Top of Provided records

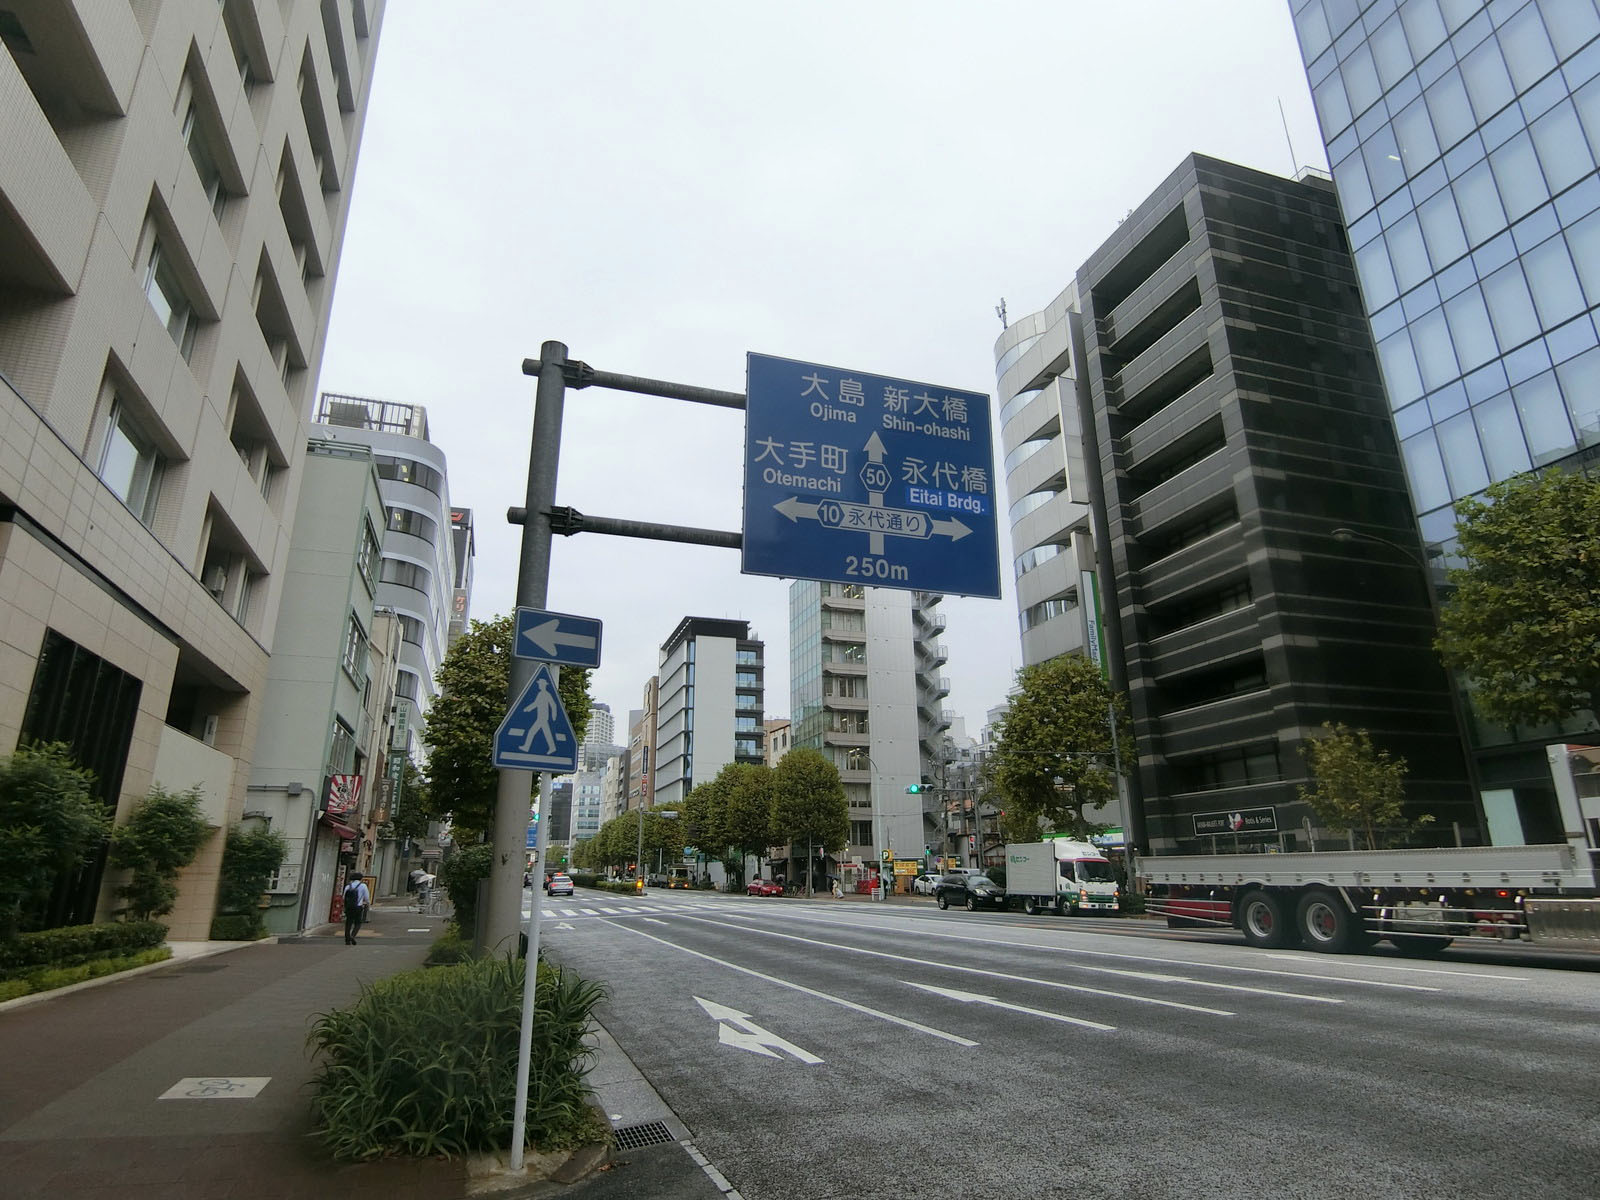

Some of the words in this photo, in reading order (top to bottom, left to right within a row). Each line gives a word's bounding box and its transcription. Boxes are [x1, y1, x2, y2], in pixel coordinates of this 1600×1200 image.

[800, 372, 865, 407] 大島
[810, 402, 857, 423] Ojima
[883, 385, 969, 424] 新大橋
[882, 414, 971, 441] Shin-ohashi
[754, 435, 849, 474] 大手町
[763, 468, 841, 493] Otemachi
[866, 469, 886, 486] 50
[901, 457, 988, 494] 永代橋
[820, 505, 840, 523] 10
[909, 489, 942, 507] Eitai
[947, 493, 985, 514] Brdg.
[849, 508, 921, 533] 永代通り
[845, 556, 909, 581] 250m
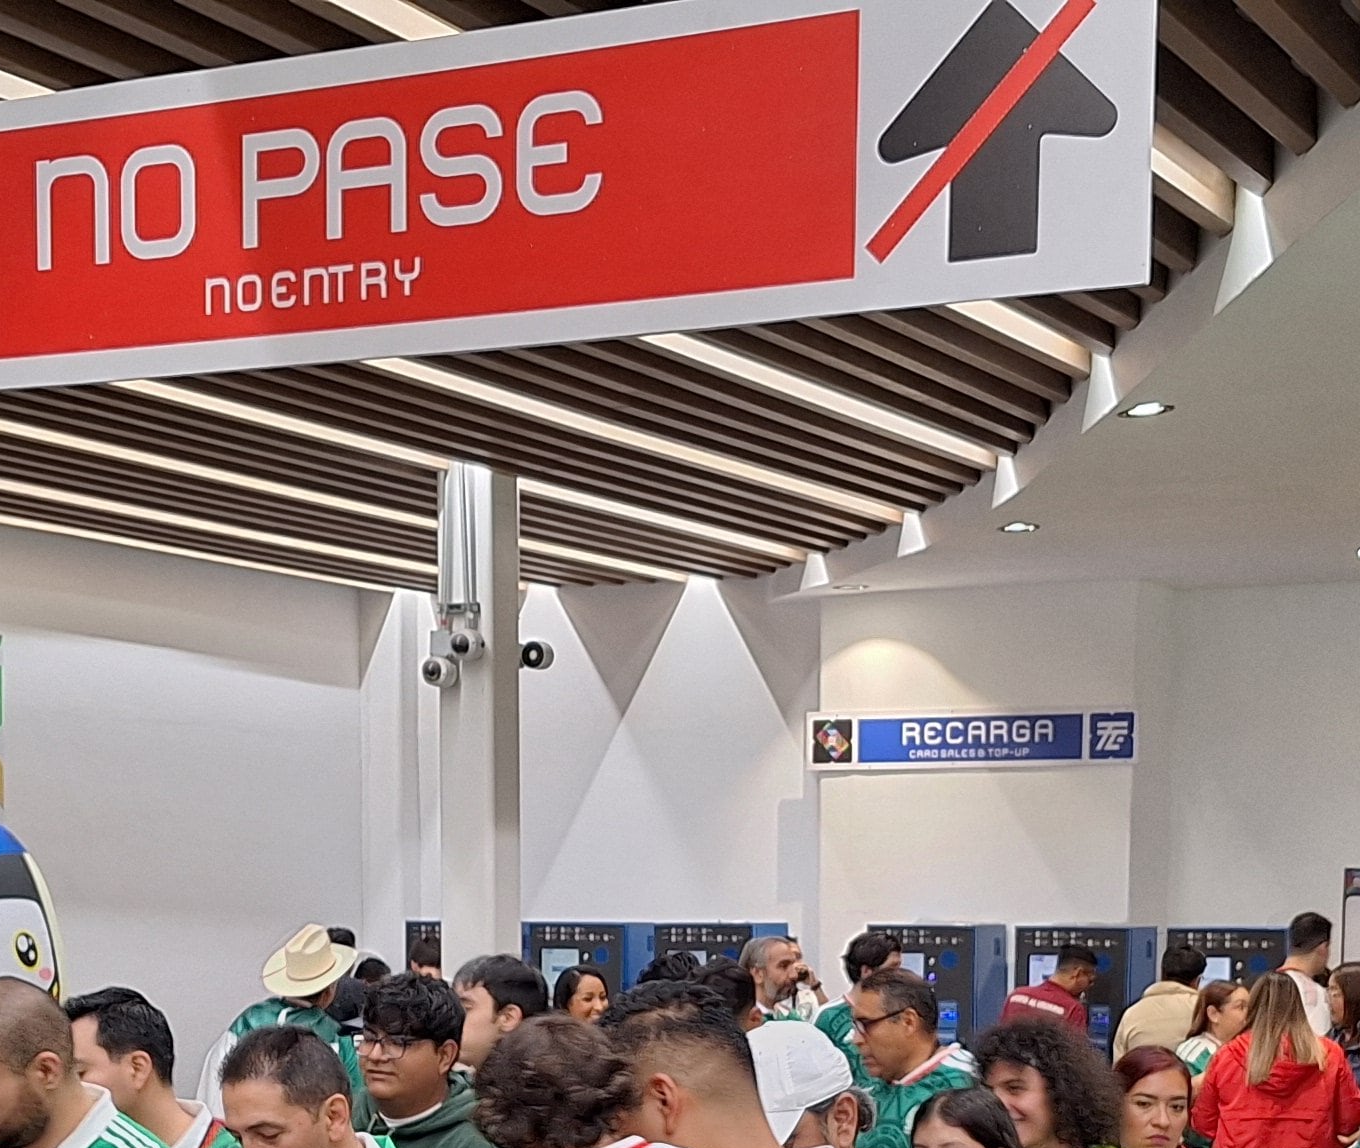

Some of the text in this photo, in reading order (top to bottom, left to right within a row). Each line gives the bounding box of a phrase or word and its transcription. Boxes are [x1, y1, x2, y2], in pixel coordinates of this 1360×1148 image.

Bottom of Provided records

*Task to carry out*: Repeat the data word for word, minus any pictures.

*Response to the task*:
Some of the words in this photo, in reading order (top to bottom, left to right within a row). Each line gives a word's bounding box and its transcription. Boxes are [x1, y1, x2, y2], in pixel coordinates of this 1600×1200 image.

[800, 372, 865, 407] 大島
[810, 402, 857, 423] Ojima
[883, 385, 969, 424] 新大橋
[882, 414, 971, 441] Shin-ohashi
[754, 435, 849, 474] 大手町
[763, 468, 841, 493] Otemachi
[866, 469, 886, 486] 50
[901, 457, 988, 494] 永代橋
[820, 505, 840, 523] 10
[909, 489, 942, 507] Eitai
[947, 493, 985, 514] Brdg.
[849, 508, 921, 533] 永代通り
[845, 556, 909, 581] 250m

Some of the text in this photo, in reading order (top to bottom, left to right within a row). Each line gives the bounding box of a phrase or word and its transcription. Boxes are [x1, y1, x2, y2], in pixel coordinates of this 1360×1148 image.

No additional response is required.